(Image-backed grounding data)
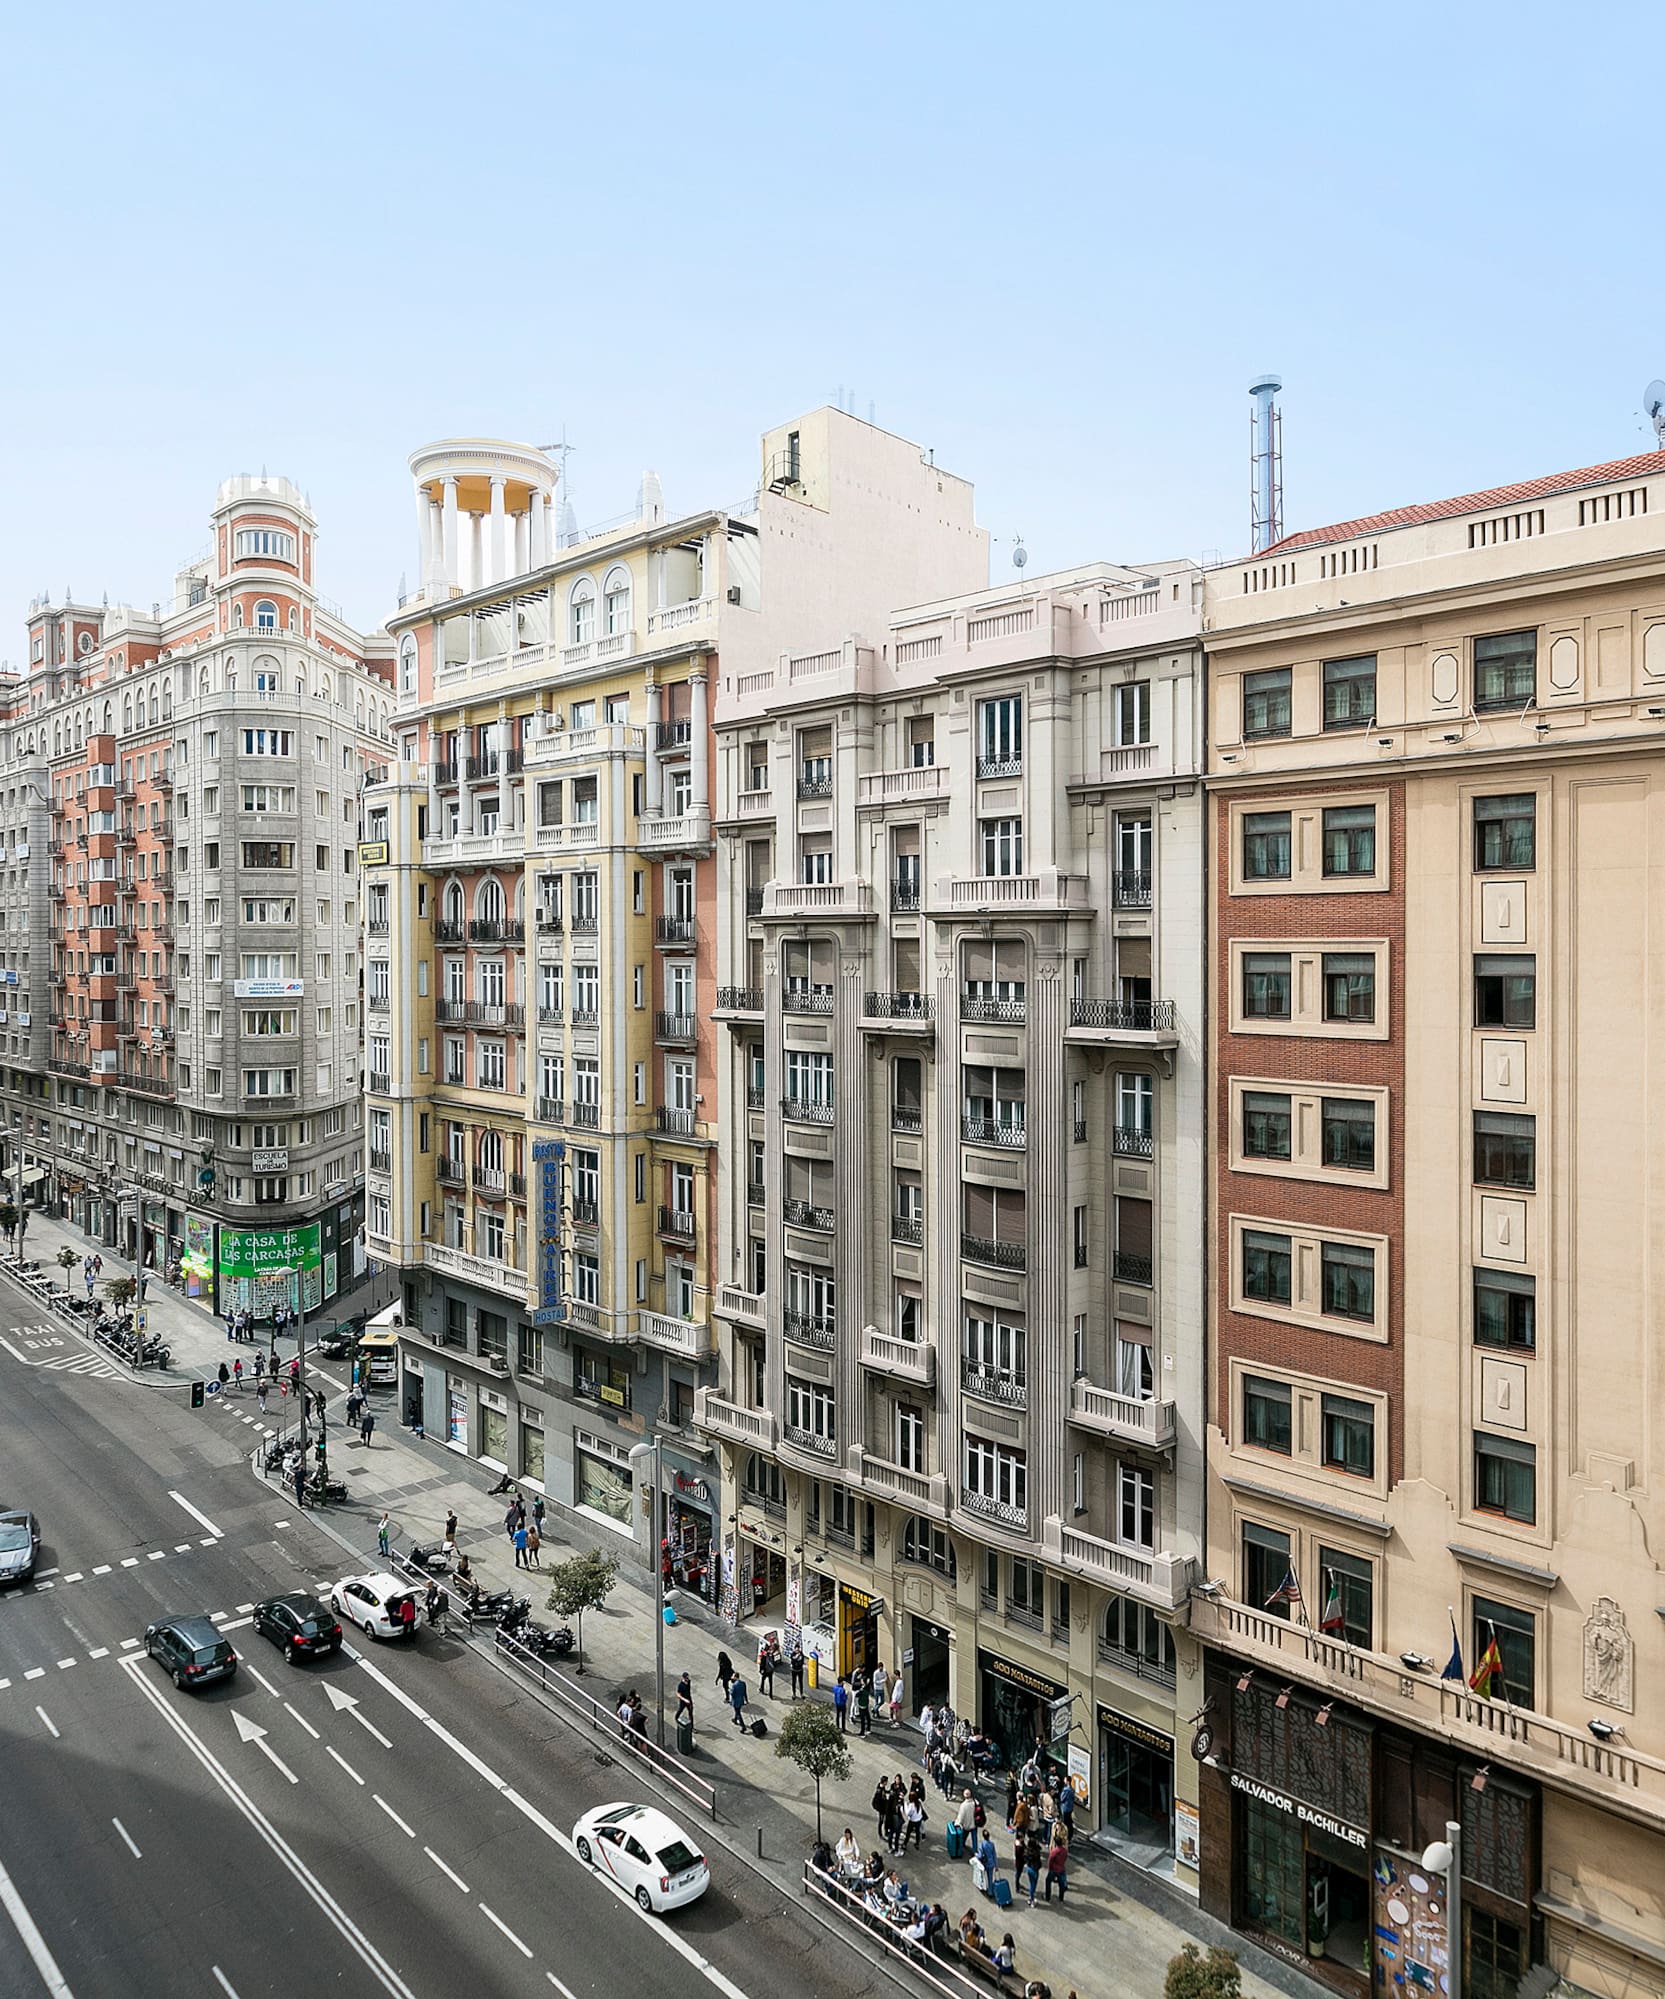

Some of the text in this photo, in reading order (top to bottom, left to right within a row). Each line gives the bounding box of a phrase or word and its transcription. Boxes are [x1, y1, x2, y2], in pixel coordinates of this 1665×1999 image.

[254, 1152, 287, 1160] ESCUELA
[255, 1163, 286, 1171] TURISMO
[229, 1233, 298, 1247] LA CASA DE
[543, 1161, 557, 1308] BUENOS AIRES
[244, 1246, 305, 1261] CARCASAS
[535, 1309, 566, 1324] HOSTAL
[9, 1324, 56, 1336] TAXI
[24, 1337, 65, 1349] BUS
[851, 1595, 869, 1609] UNIO
[1230, 1774, 1367, 1849] SALVADOR BACHILLER
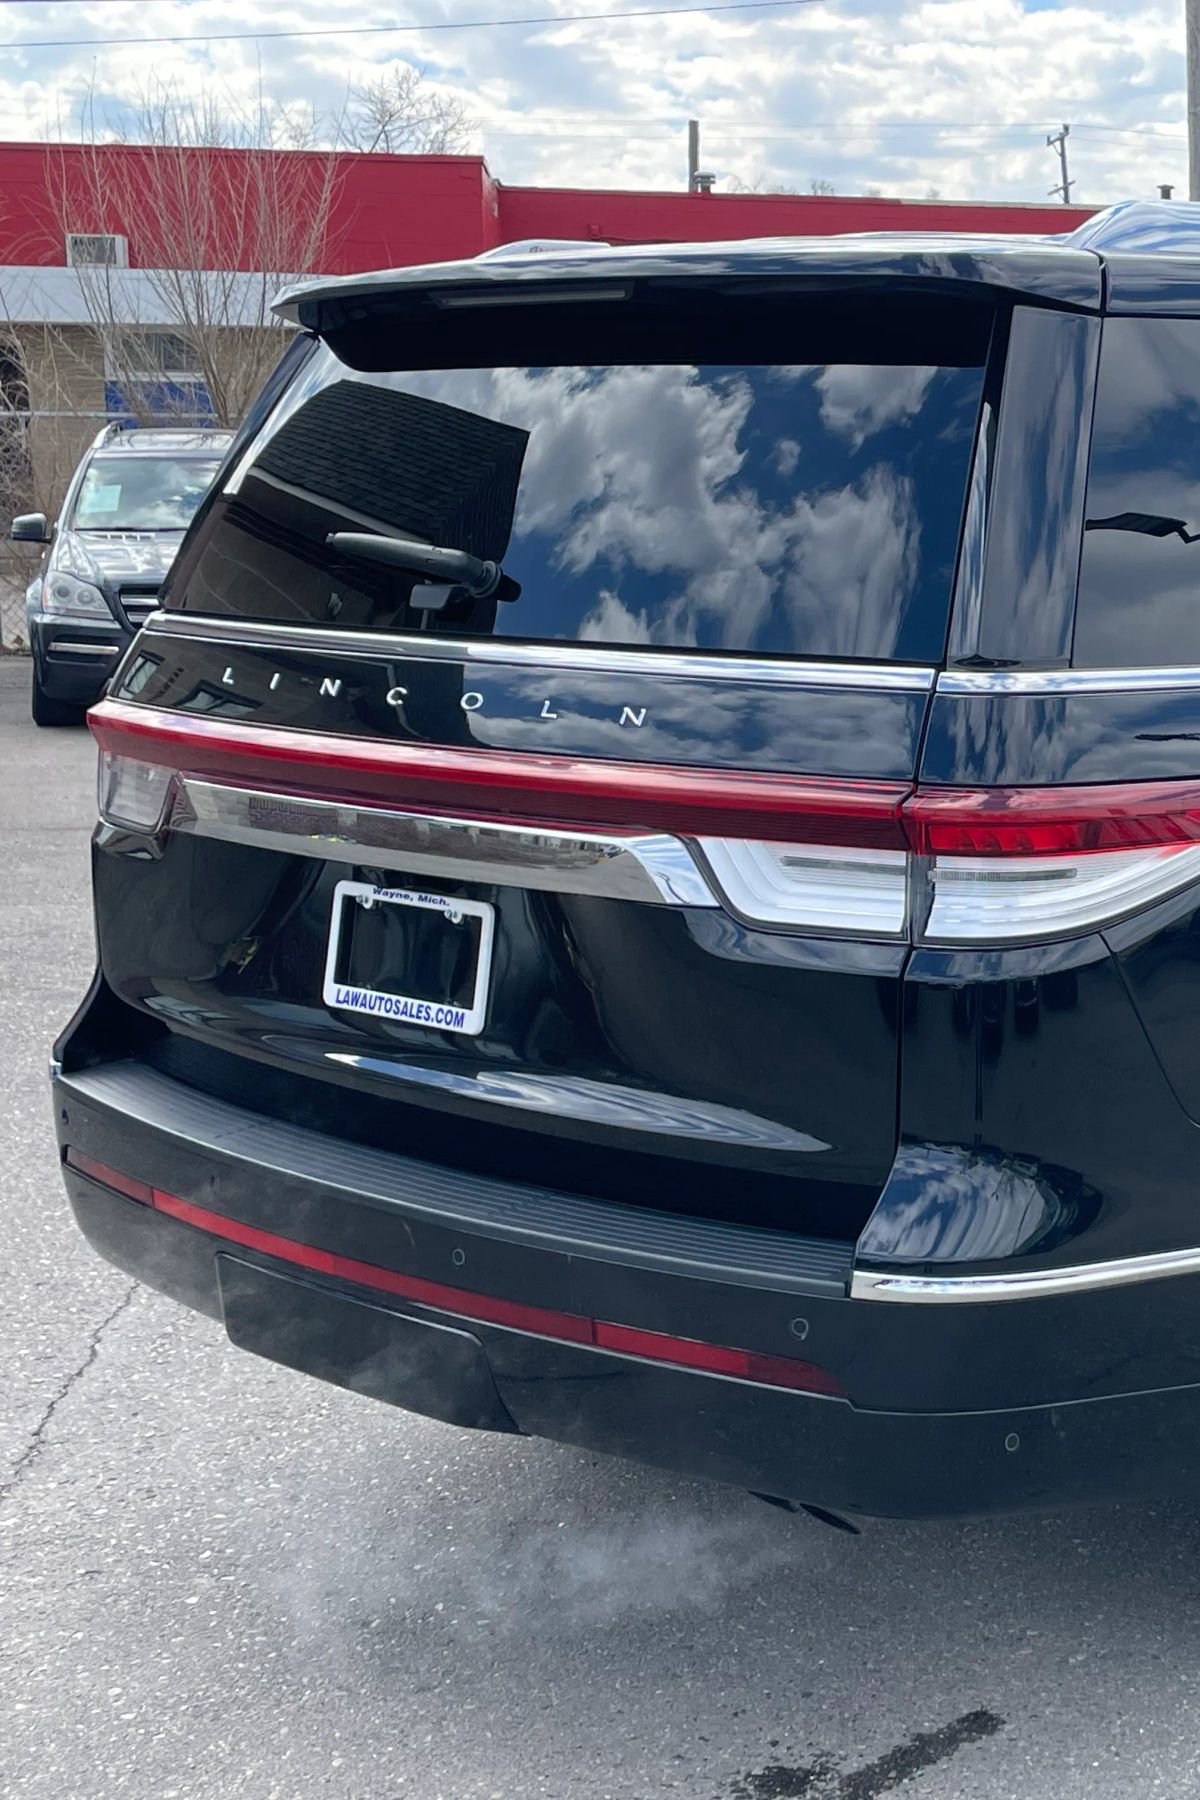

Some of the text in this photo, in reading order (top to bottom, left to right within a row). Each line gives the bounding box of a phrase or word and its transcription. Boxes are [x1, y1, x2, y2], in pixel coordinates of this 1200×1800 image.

[222, 666, 647, 727] LINCOLN
[372, 887, 451, 907] Wayne, Mich.
[335, 988, 466, 1028] LAWAUTOSALES.COM
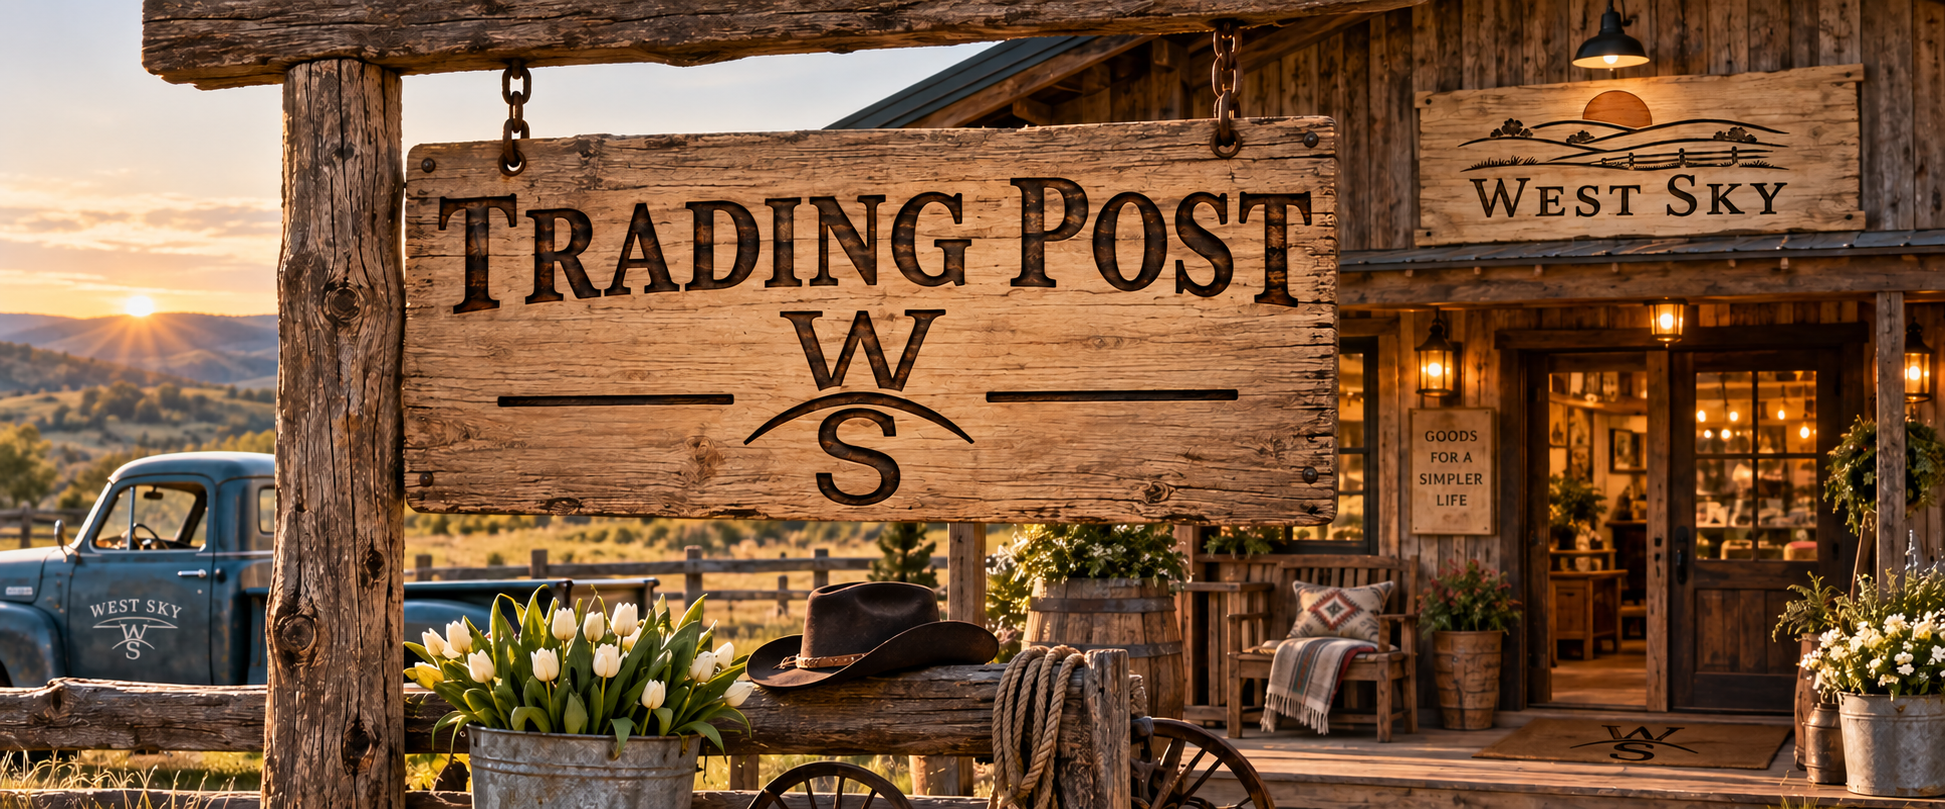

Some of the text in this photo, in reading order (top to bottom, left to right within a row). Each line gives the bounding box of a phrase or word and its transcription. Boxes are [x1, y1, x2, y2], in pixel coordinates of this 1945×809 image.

TRY IT ->
Each record above should be returned unchanged, except that the pictures are dropped.

TASK ANSWER ->
Some of the text in this photo, in reading order (top to bottom, left to right within a row). Each line gives the bounding box of a phrase or word and its transcription. Boxes are [x1, y1, x2, y2], in pixel coordinates of this 1665×1999 image.

[254, 1152, 287, 1160] ESCUELA
[255, 1163, 286, 1171] TURISMO
[229, 1233, 298, 1247] LA CASA DE
[543, 1161, 557, 1308] BUENOS AIRES
[244, 1246, 305, 1261] CARCASAS
[535, 1309, 566, 1324] HOSTAL
[9, 1324, 56, 1336] TAXI
[24, 1337, 65, 1349] BUS
[851, 1595, 869, 1609] UNIO
[1230, 1774, 1367, 1849] SALVADOR BACHILLER

Some of the text in this photo, in reading order (top to bottom, left to right within a row). Each line gives the bounding box of a phrase or word and its transcription. Boxes are [x1, y1, x2, y2], in pixel coordinates of this 1200×1800 image.

[222, 666, 647, 727] LINCOLN
[372, 887, 451, 907] Wayne, Mich.
[335, 988, 466, 1028] LAWAUTOSALES.COM

Some of the text in this photo, in reading order (top to bottom, left to right within a row). Each line gives the bounding box of a phrase or word and its transcription. Boxes are [x1, y1, x2, y2], in pixel coordinates of this 1945×809 image.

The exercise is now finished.